Digital Fingers posted:

That was pretty cool of that cop, and also of you.

yeah he had a tiny lil donger and I was like lol, but its cool b/c im a top neway

we had a good laugh about it tho let me tell you

damn horror queefs
Oct 14, 2005

say hello
say hello to the man in the elevator

Blistex posted:

The original impetus for the investigation was the pig farmer in BC, and the cops didn't investigate any of the missing women that hard, regardless of race. The upcoming inquiry into missing and murdered aboriginal women will point the blame squarely on the much, much higher probability of native women to run away from home, or be murdered by people from their reserves colonization. The reason why you never hear about an inquiry into murdered aboriginal men (despite it being much higher than aboriginal women) is that it shows it's the culture on the reserves that is getting so many of these people killed.

The conditions on the one reserve I used to work at were pretty much.
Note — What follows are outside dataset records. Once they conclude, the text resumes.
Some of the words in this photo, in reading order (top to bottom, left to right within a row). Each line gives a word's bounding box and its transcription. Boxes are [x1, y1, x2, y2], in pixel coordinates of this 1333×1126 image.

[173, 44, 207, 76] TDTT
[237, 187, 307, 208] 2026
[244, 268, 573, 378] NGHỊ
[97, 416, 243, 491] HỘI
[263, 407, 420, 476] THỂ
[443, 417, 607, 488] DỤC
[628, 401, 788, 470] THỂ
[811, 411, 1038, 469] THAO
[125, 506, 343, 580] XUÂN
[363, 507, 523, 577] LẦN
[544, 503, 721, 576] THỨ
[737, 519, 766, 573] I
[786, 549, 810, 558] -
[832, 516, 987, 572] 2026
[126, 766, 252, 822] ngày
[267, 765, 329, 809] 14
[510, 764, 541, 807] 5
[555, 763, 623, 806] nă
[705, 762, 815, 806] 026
People have kids in their late teens through to their late 30's.
The grandparents raise the kids and can't control them because they are too old.
The kids grow up never going to school and just causing trouble around the reserve.
They get into gang culture or prostitution on/off reserve, and they get killed.
Before that happens, those kids will have a ton of kids and they end up getting raised by their great-grandparents (because the kids grandparents won't do it), and the cycle continues.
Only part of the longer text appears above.